[Work instructions] Reproduce each line of the material exactly, minus any picture.

'''

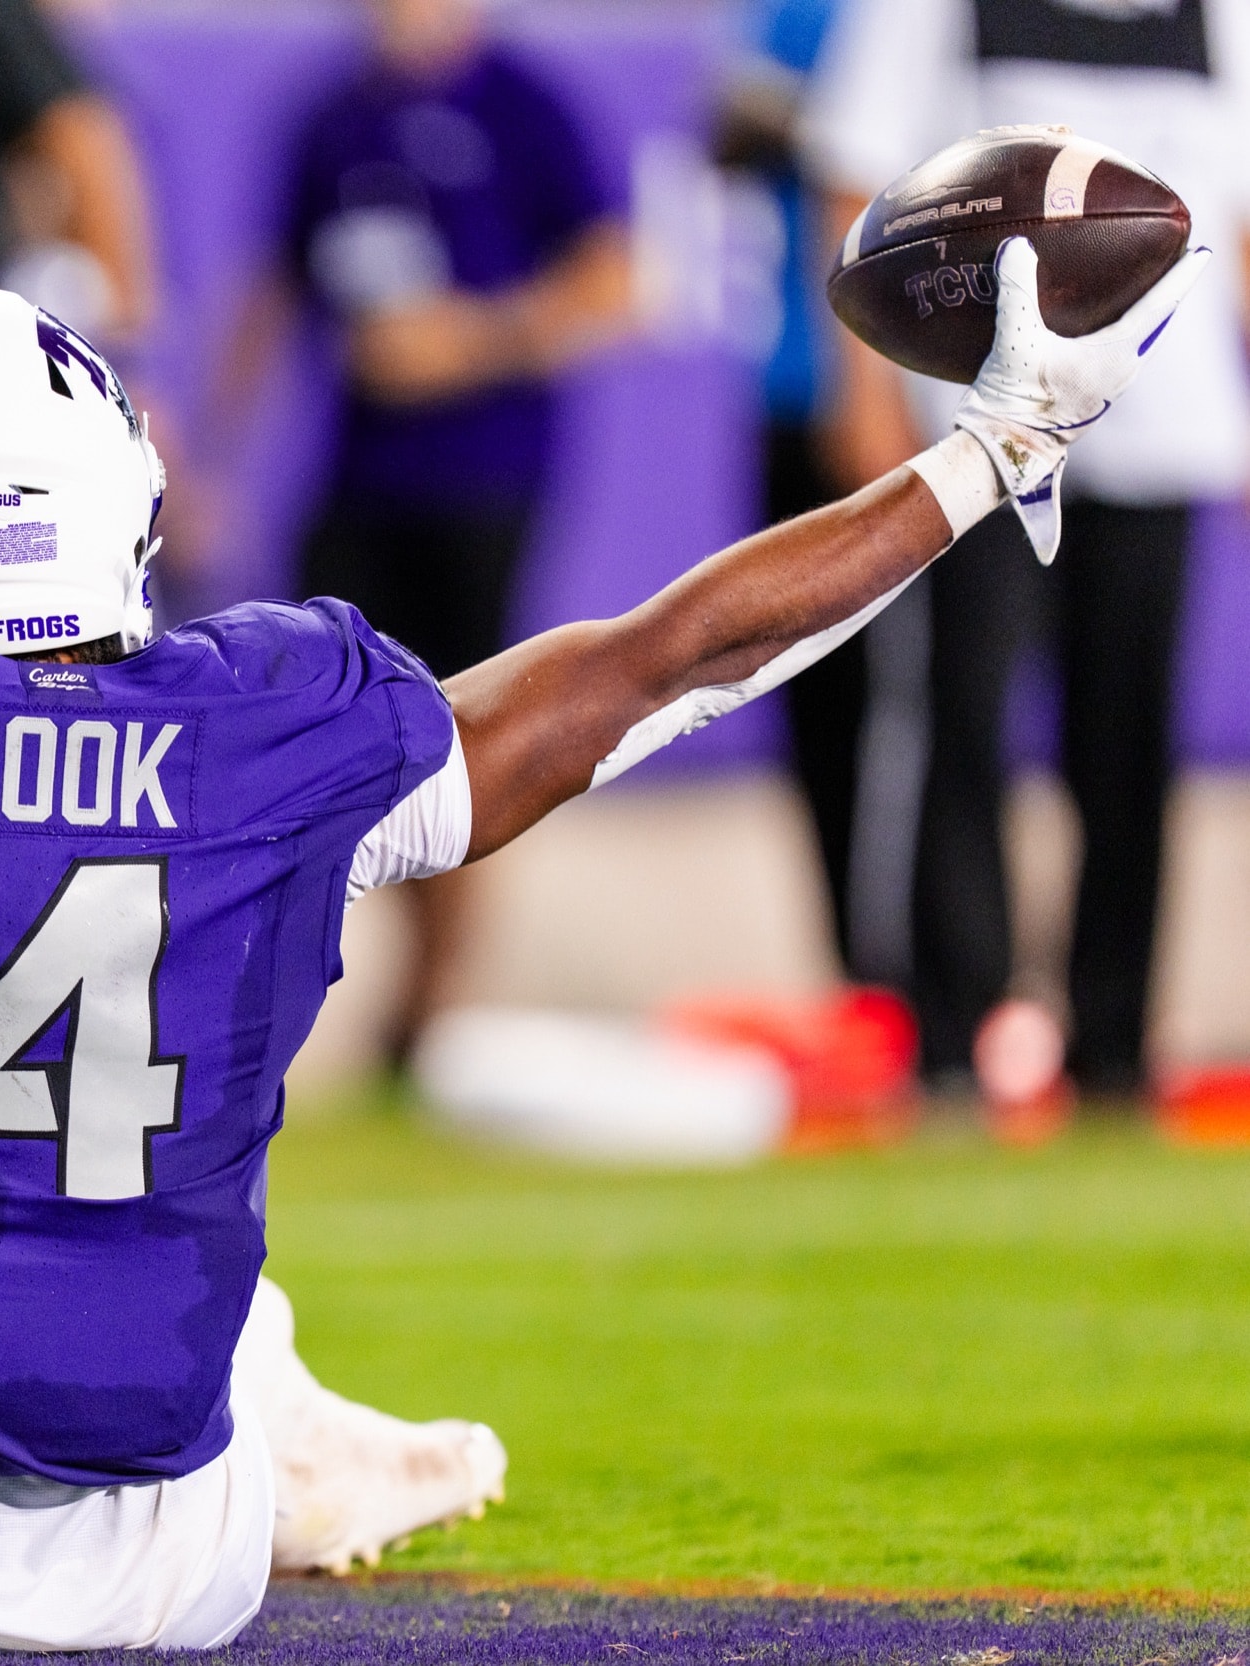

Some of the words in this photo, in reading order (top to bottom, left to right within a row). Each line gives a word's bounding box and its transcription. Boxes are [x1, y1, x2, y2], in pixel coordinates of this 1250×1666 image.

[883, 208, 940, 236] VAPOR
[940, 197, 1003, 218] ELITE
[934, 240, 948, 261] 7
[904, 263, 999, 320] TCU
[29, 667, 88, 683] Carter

'''

[Answer for this exercise]
Some of the words in this photo, in reading order (top to bottom, left to right within a row). Each line gives a word's bounding box and its transcription. Boxes are [x1, y1, x2, y2], in pixel coordinates of this 1250×1666 image.

[883, 208, 940, 236] VAPOR
[940, 197, 1003, 218] ELITE
[934, 240, 948, 261] 7
[904, 263, 999, 320] TCU
[29, 667, 88, 683] Carter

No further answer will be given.